• **Requirement**: Each entry that follows should be retyped exactly.

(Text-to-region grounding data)
>>

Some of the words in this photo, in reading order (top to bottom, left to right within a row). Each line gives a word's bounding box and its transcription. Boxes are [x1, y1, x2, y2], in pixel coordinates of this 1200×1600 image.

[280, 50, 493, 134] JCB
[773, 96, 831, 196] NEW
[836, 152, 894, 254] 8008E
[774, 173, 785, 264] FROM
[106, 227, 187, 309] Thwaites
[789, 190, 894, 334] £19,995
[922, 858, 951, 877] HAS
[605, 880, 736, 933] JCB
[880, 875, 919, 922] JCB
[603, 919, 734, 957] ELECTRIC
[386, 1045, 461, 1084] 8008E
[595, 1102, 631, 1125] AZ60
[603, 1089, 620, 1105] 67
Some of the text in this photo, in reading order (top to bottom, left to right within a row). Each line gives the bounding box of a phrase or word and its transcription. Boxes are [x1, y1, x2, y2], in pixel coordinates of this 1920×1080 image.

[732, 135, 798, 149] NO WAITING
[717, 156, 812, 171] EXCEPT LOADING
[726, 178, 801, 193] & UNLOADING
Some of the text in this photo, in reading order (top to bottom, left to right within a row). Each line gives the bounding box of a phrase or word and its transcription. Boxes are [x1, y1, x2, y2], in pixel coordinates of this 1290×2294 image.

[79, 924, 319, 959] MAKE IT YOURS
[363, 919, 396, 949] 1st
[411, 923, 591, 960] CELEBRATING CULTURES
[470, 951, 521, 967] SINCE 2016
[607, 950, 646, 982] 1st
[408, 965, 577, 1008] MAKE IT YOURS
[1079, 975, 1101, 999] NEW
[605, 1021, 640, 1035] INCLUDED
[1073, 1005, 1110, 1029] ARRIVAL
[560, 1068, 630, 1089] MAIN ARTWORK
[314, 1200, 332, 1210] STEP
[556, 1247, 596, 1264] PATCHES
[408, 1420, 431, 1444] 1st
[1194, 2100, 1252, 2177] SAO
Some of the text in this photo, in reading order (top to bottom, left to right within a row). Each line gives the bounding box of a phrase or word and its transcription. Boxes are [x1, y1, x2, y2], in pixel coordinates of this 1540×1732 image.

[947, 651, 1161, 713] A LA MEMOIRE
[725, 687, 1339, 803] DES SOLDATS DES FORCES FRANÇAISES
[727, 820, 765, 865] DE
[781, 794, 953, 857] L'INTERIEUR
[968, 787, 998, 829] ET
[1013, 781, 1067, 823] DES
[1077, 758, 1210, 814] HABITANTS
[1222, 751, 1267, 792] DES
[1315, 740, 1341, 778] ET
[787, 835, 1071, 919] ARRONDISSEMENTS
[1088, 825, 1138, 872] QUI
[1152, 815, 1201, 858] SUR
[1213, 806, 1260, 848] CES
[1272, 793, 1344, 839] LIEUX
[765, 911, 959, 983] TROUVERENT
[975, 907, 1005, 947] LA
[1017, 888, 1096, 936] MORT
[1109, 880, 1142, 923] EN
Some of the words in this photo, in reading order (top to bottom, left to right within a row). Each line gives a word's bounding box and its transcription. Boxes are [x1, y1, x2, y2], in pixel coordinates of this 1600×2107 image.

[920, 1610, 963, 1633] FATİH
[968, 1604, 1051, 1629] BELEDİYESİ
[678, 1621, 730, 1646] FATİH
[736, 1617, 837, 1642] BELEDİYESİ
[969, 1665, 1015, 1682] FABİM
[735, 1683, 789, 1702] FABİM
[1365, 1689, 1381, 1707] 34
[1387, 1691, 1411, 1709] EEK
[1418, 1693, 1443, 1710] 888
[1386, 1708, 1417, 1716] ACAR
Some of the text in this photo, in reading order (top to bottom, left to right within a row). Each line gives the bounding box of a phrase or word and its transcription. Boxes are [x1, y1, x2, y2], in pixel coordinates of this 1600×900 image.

<<

• **Your solution**:
Some of the words in this photo, in reading order (top to bottom, left to right within a row). Each line gives a word's bounding box and its transcription. Boxes are [x1, y1, x2, y2], in pixel coordinates of this 1200×1600 image.

[280, 50, 493, 134] JCB
[773, 96, 831, 196] NEW
[836, 152, 894, 254] 8008E
[774, 173, 785, 264] FROM
[106, 227, 187, 309] Thwaites
[789, 190, 894, 334] £19,995
[922, 858, 951, 877] HAS
[605, 880, 736, 933] JCB
[880, 875, 919, 922] JCB
[603, 919, 734, 957] ELECTRIC
[386, 1045, 461, 1084] 8008E
[595, 1102, 631, 1125] AZ60
[603, 1089, 620, 1105] 67
Some of the text in this photo, in reading order (top to bottom, left to right within a row). Each line gives the bounding box of a phrase or word and its transcription. Boxes are [x1, y1, x2, y2], in pixel coordinates of this 1920×1080 image.

[732, 135, 798, 149] NO WAITING
[717, 156, 812, 171] EXCEPT LOADING
[726, 178, 801, 193] & UNLOADING
Some of the text in this photo, in reading order (top to bottom, left to right within a row). Each line gives the bounding box of a phrase or word and its transcription. Boxes are [x1, y1, x2, y2], in pixel coordinates of this 1290×2294 image.

[79, 924, 319, 959] MAKE IT YOURS
[363, 919, 396, 949] 1st
[411, 923, 591, 960] CELEBRATING CULTURES
[470, 951, 521, 967] SINCE 2016
[607, 950, 646, 982] 1st
[408, 965, 577, 1008] MAKE IT YOURS
[1079, 975, 1101, 999] NEW
[605, 1021, 640, 1035] INCLUDED
[1073, 1005, 1110, 1029] ARRIVAL
[560, 1068, 630, 1089] MAIN ARTWORK
[314, 1200, 332, 1210] STEP
[556, 1247, 596, 1264] PATCHES
[408, 1420, 431, 1444] 1st
[1194, 2100, 1252, 2177] SAO
Some of the text in this photo, in reading order (top to bottom, left to right within a row). Each line gives the bounding box of a phrase or word and its transcription. Boxes are [x1, y1, x2, y2], in pixel coordinates of this 1540×1732 image.

[947, 651, 1161, 713] A LA MEMOIRE
[725, 687, 1339, 803] DES SOLDATS DES FORCES FRANÇAISES
[727, 820, 765, 865] DE
[781, 794, 953, 857] L'INTERIEUR
[968, 787, 998, 829] ET
[1013, 781, 1067, 823] DES
[1077, 758, 1210, 814] HABITANTS
[1222, 751, 1267, 792] DES
[1315, 740, 1341, 778] ET
[787, 835, 1071, 919] ARRONDISSEMENTS
[1088, 825, 1138, 872] QUI
[1152, 815, 1201, 858] SUR
[1213, 806, 1260, 848] CES
[1272, 793, 1344, 839] LIEUX
[765, 911, 959, 983] TROUVERENT
[975, 907, 1005, 947] LA
[1017, 888, 1096, 936] MORT
[1109, 880, 1142, 923] EN
Some of the words in this photo, in reading order (top to bottom, left to right within a row). Each line gives a word's bounding box and its transcription. Boxes are [x1, y1, x2, y2], in pixel coordinates of this 1600×2107 image.

[920, 1610, 963, 1633] FATİH
[968, 1604, 1051, 1629] BELEDİYESİ
[678, 1621, 730, 1646] FATİH
[736, 1617, 837, 1642] BELEDİYESİ
[969, 1665, 1015, 1682] FABİM
[735, 1683, 789, 1702] FABİM
[1365, 1689, 1381, 1707] 34
[1387, 1691, 1411, 1709] EEK
[1418, 1693, 1443, 1710] 888
[1386, 1708, 1417, 1716] ACAR
Some of the text in this photo, in reading order (top to bottom, left to right within a row). Each line gives the bounding box of a phrase or word and its transcription. Boxes are [x1, y1, x2, y2], in pixel coordinates of this 1600×900 image.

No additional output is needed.